In 2003, Peugeot stuck with the same lineup as 2002 (Grönholm, Burns, Panizzi and Rovanperä) and also the 206. The only change was that the team now had major sponsorship from cigarette giants Marlboro painting the cars red and white. However the 206 was now four years old and showing its age. Grönholm covered this with three wins in Sweden, New Zealand and Argentina (the latter after an incident with a bank which dropped him to as low as 6th); however fuel pressure issues in Greece and a broken Propshaft in Cyprus meant Grönholm lost valuable points. A second in Germany was followed by accidents in Finland, Australia and Italy and by this stage he had fallen to sixth in the Championship. Fourth in France and sixth in Spain after a wrong tire choice was followed by another crash in Great Britain when he hit a pile of logs on a stage. The police soon caught him and despite his best efforts Grönholm was forbidden to go back to service. He finished sixth with 46 points.

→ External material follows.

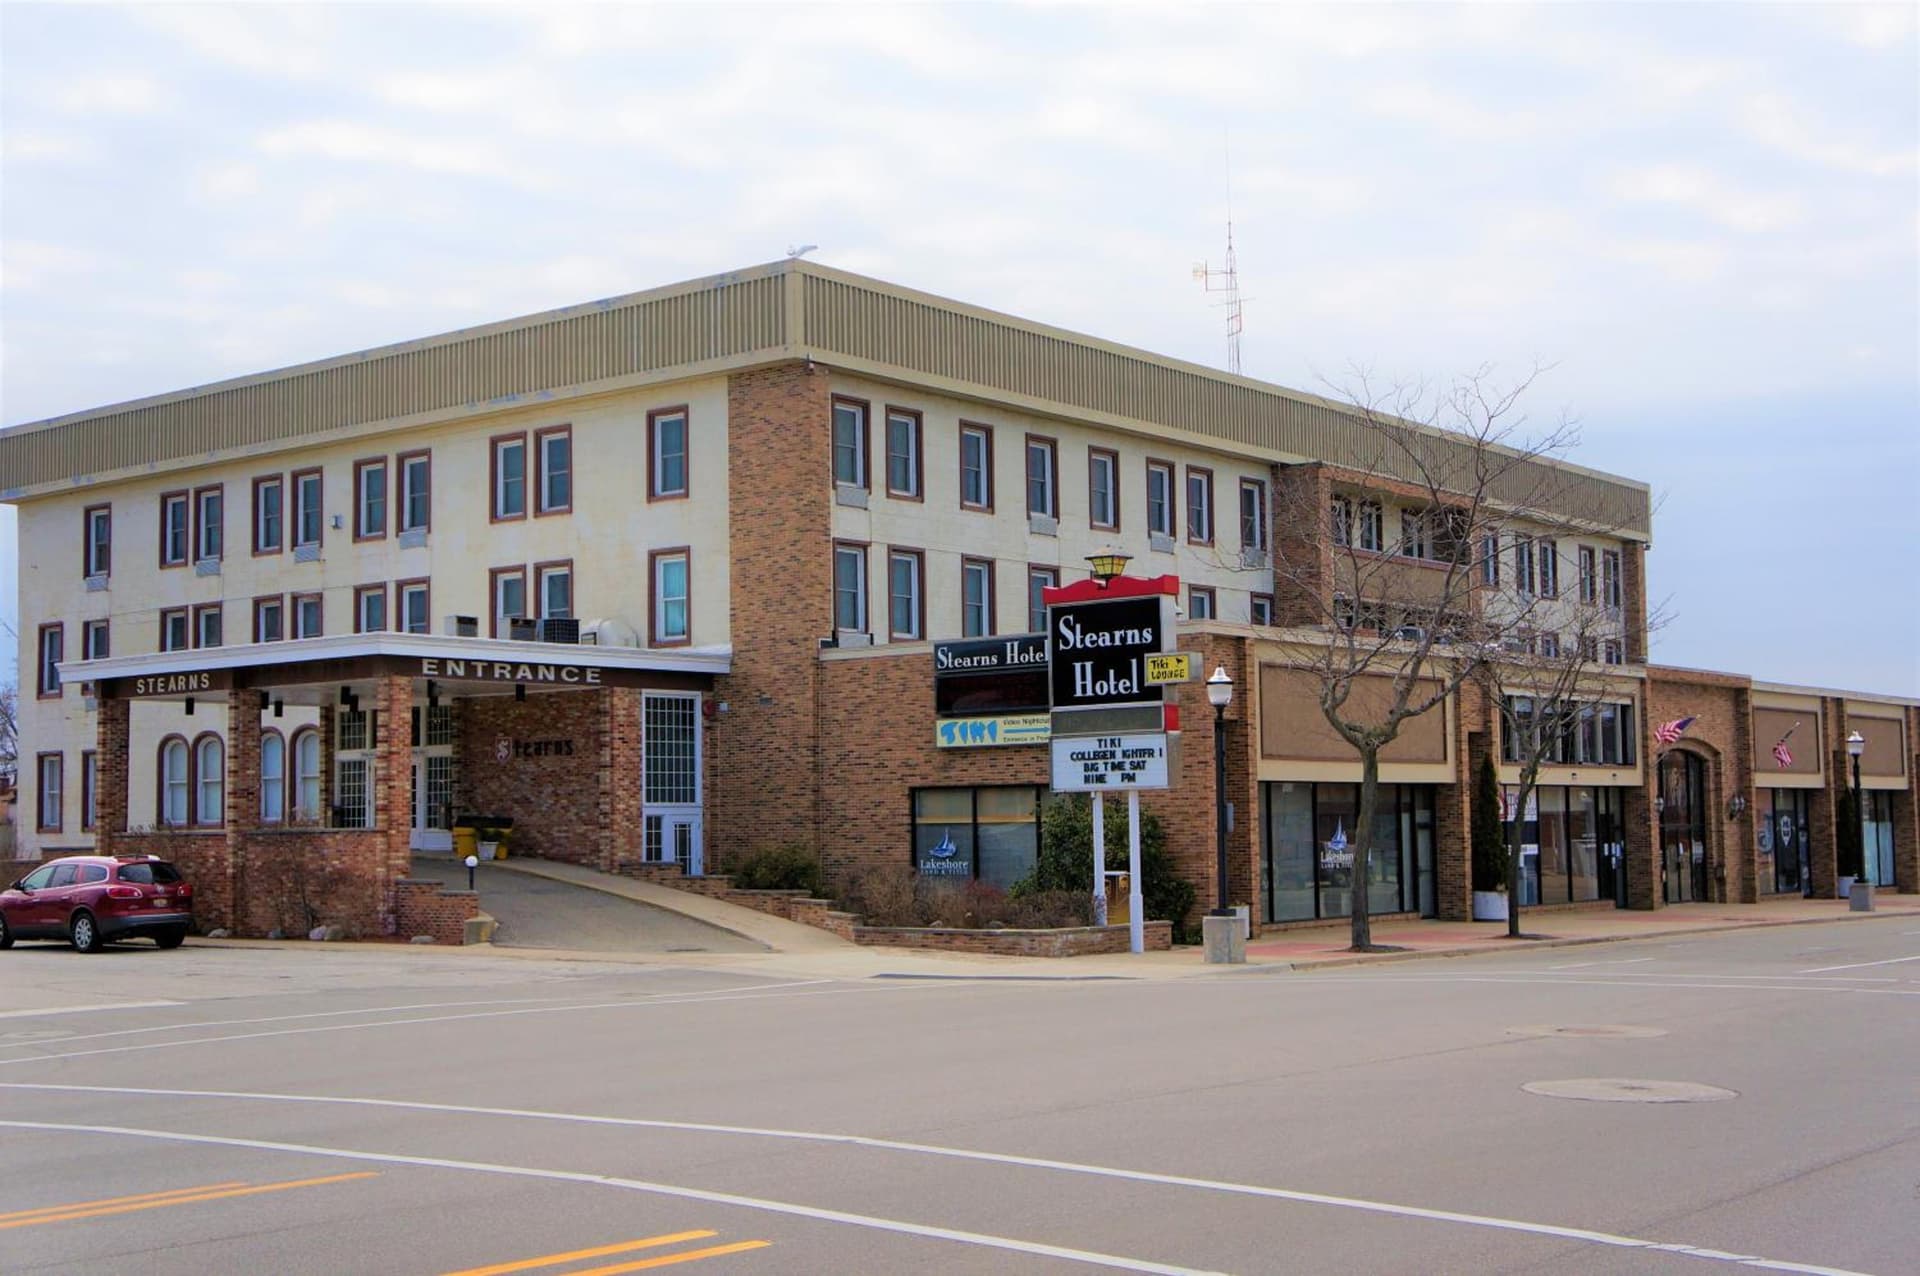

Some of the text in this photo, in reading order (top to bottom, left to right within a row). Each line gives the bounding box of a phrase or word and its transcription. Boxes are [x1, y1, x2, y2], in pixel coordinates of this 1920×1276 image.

In 2004 Peugeot introduced the new 307 to replace the 206, but the car was plagued by gearbox and power steering woes throughout the season. Grönholm took an immediate dislike to the new car because of its poor reliability, battling gearbox problems in Monte Carlo and power steering issues in Sweden. After more power steering woes in Mexico he stated "I'm fed up with this car". An eventful second in New Zealand was followed by heartbreak in Cyprus: Here, Grönholm thought he had taken the 307's first win but after the event both he and teammate Harri Rovanperä (who finished fifth) were disqualified for illegal water pumps. A damaged suspension took him out in Greece, while despite a second in Turkey, co-driver Rautiainen suffered two broken bones in his bottom after they ran over a loose steel rod lying on the stage they were driving on which went through Rautiainen's seat - this incident went viral when after a reporter's question, Grönholm explained that something went through the seat "up in the ass of Timo". In Finland everything clicked despite a gearbox issue and Grönholm finally got a win he was allowed to keep, but he went from hero to zero by crashing on the first stage in Germany. Spain would be his last podium of the year, coming home second after winning a battle with Carlos Sainz. This meant Grönholm finished a frustrating fifth with 62 points.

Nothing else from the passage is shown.